__WHAT YOU WILL DO__. The records that follow are to be copied word for word. Pictures should be omitted.

__RECORDS FOR PROCESSING__.
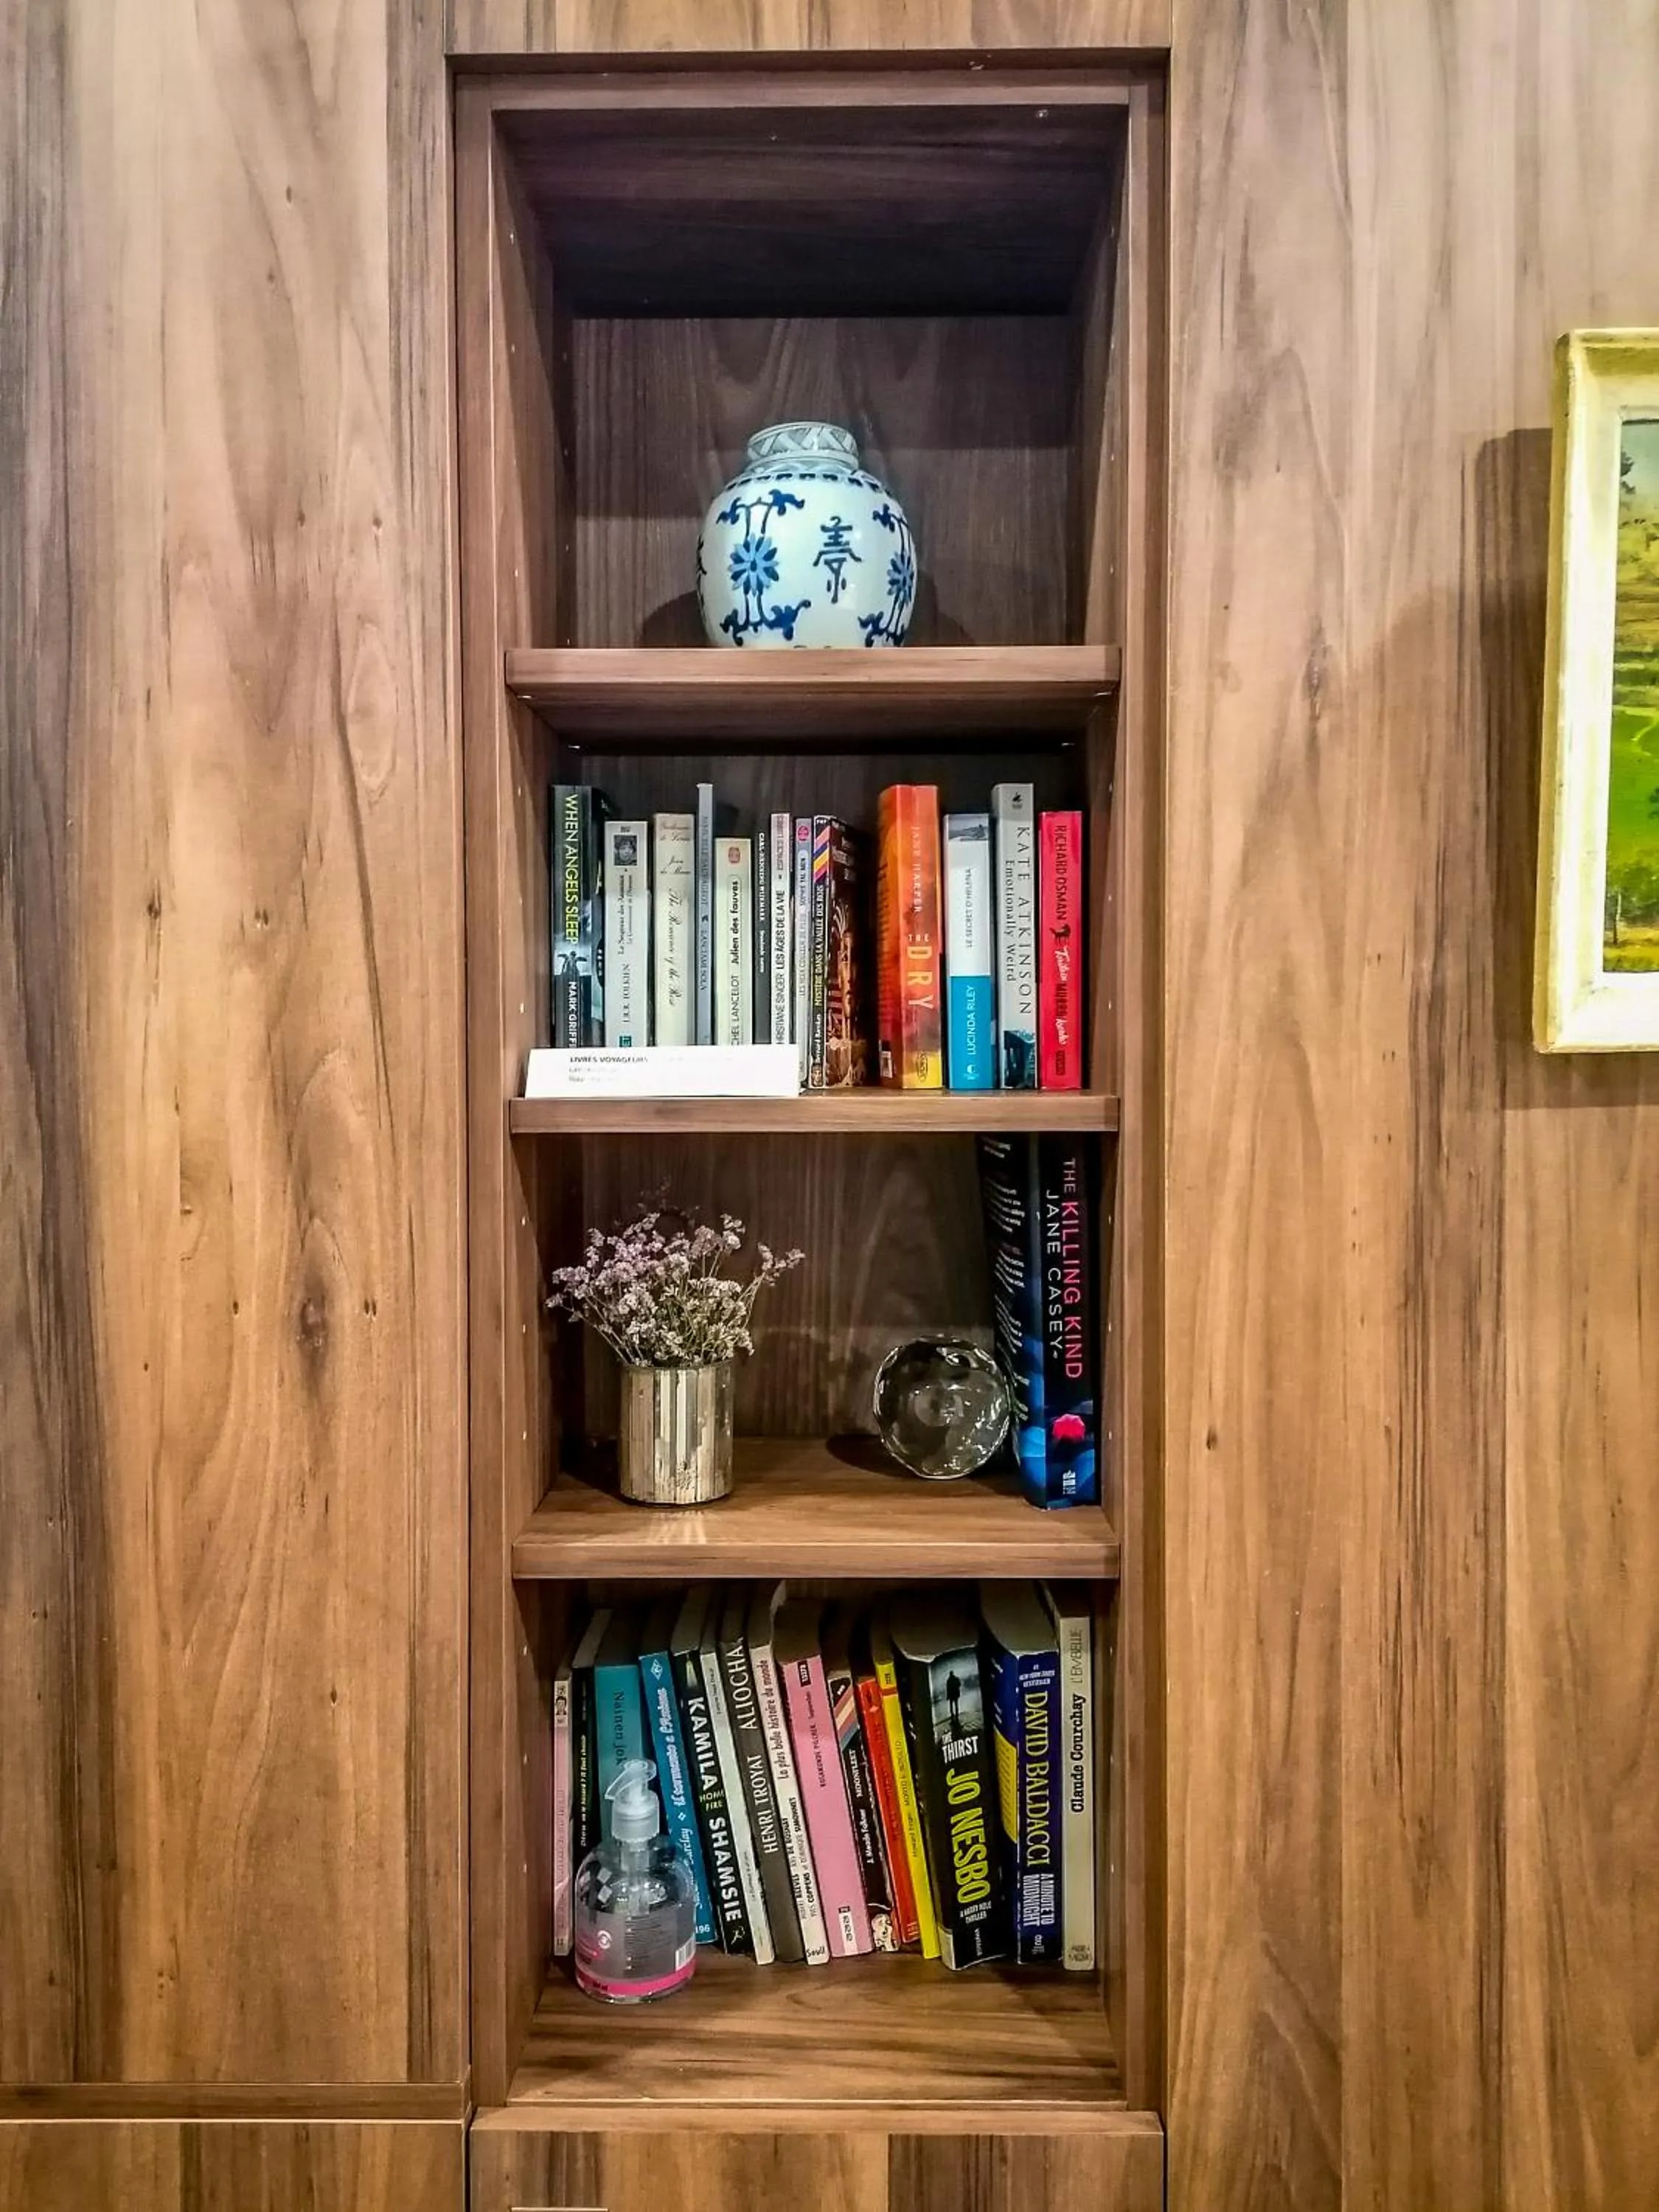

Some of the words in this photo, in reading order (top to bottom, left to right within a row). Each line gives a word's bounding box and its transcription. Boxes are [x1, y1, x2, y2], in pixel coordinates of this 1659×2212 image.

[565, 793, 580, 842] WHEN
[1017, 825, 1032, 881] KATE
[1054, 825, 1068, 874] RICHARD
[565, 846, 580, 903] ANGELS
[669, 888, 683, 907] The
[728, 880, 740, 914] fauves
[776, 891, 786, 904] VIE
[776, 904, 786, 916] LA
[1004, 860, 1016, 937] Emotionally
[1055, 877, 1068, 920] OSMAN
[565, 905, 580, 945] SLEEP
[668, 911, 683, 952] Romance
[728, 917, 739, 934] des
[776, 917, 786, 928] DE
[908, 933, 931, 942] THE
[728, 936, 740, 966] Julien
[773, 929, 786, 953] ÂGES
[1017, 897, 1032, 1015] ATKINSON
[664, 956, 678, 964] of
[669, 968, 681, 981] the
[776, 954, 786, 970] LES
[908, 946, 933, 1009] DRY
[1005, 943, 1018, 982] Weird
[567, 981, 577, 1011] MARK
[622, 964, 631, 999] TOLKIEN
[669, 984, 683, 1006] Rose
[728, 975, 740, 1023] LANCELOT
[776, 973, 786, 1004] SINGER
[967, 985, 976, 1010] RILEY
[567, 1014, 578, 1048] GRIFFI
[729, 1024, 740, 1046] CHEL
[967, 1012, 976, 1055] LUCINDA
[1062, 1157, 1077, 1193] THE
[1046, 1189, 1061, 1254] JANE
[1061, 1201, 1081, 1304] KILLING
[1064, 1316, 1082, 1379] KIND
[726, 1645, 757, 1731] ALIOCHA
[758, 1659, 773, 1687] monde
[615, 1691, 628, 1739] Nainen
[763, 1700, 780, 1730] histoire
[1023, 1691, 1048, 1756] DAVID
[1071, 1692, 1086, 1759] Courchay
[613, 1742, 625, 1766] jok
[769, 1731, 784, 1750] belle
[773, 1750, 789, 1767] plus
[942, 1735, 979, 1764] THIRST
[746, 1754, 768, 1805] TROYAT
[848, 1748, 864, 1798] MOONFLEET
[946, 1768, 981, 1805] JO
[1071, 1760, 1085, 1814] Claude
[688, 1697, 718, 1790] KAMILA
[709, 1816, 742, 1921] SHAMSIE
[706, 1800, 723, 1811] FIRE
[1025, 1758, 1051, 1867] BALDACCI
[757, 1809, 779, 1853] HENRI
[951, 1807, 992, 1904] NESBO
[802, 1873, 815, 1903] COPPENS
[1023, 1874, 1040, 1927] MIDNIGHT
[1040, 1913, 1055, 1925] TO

__ANSWER FOR THIS EXERCISE__.
Some of the words in this photo, in reading order (top to bottom, left to right within a row). Each line gives a word's bounding box and its transcription. Boxes are [x1, y1, x2, y2], in pixel coordinates of this 1659×2212 image.

[565, 793, 580, 842] WHEN
[1017, 825, 1032, 881] KATE
[1054, 825, 1068, 874] RICHARD
[565, 846, 580, 903] ANGELS
[669, 888, 683, 907] The
[728, 880, 740, 914] fauves
[776, 891, 786, 904] VIE
[776, 904, 786, 916] LA
[1004, 860, 1016, 937] Emotionally
[1055, 877, 1068, 920] OSMAN
[565, 905, 580, 945] SLEEP
[668, 911, 683, 952] Romance
[728, 917, 739, 934] des
[776, 917, 786, 928] DE
[908, 933, 931, 942] THE
[728, 936, 740, 966] Julien
[773, 929, 786, 953] ÂGES
[1017, 897, 1032, 1015] ATKINSON
[664, 956, 678, 964] of
[669, 968, 681, 981] the
[776, 954, 786, 970] LES
[908, 946, 933, 1009] DRY
[1005, 943, 1018, 982] Weird
[567, 981, 577, 1011] MARK
[622, 964, 631, 999] TOLKIEN
[669, 984, 683, 1006] Rose
[728, 975, 740, 1023] LANCELOT
[776, 973, 786, 1004] SINGER
[967, 985, 976, 1010] RILEY
[567, 1014, 578, 1048] GRIFFI
[729, 1024, 740, 1046] CHEL
[967, 1012, 976, 1055] LUCINDA
[1062, 1157, 1077, 1193] THE
[1046, 1189, 1061, 1254] JANE
[1061, 1201, 1081, 1304] KILLING
[1064, 1316, 1082, 1379] KIND
[726, 1645, 757, 1731] ALIOCHA
[758, 1659, 773, 1687] monde
[615, 1691, 628, 1739] Nainen
[763, 1700, 780, 1730] histoire
[1023, 1691, 1048, 1756] DAVID
[1071, 1692, 1086, 1759] Courchay
[613, 1742, 625, 1766] jok
[769, 1731, 784, 1750] belle
[773, 1750, 789, 1767] plus
[942, 1735, 979, 1764] THIRST
[746, 1754, 768, 1805] TROYAT
[848, 1748, 864, 1798] MOONFLEET
[946, 1768, 981, 1805] JO
[1071, 1760, 1085, 1814] Claude
[688, 1697, 718, 1790] KAMILA
[709, 1816, 742, 1921] SHAMSIE
[706, 1800, 723, 1811] FIRE
[1025, 1758, 1051, 1867] BALDACCI
[757, 1809, 779, 1853] HENRI
[951, 1807, 992, 1904] NESBO
[802, 1873, 815, 1903] COPPENS
[1023, 1874, 1040, 1927] MIDNIGHT
[1040, 1913, 1055, 1925] TO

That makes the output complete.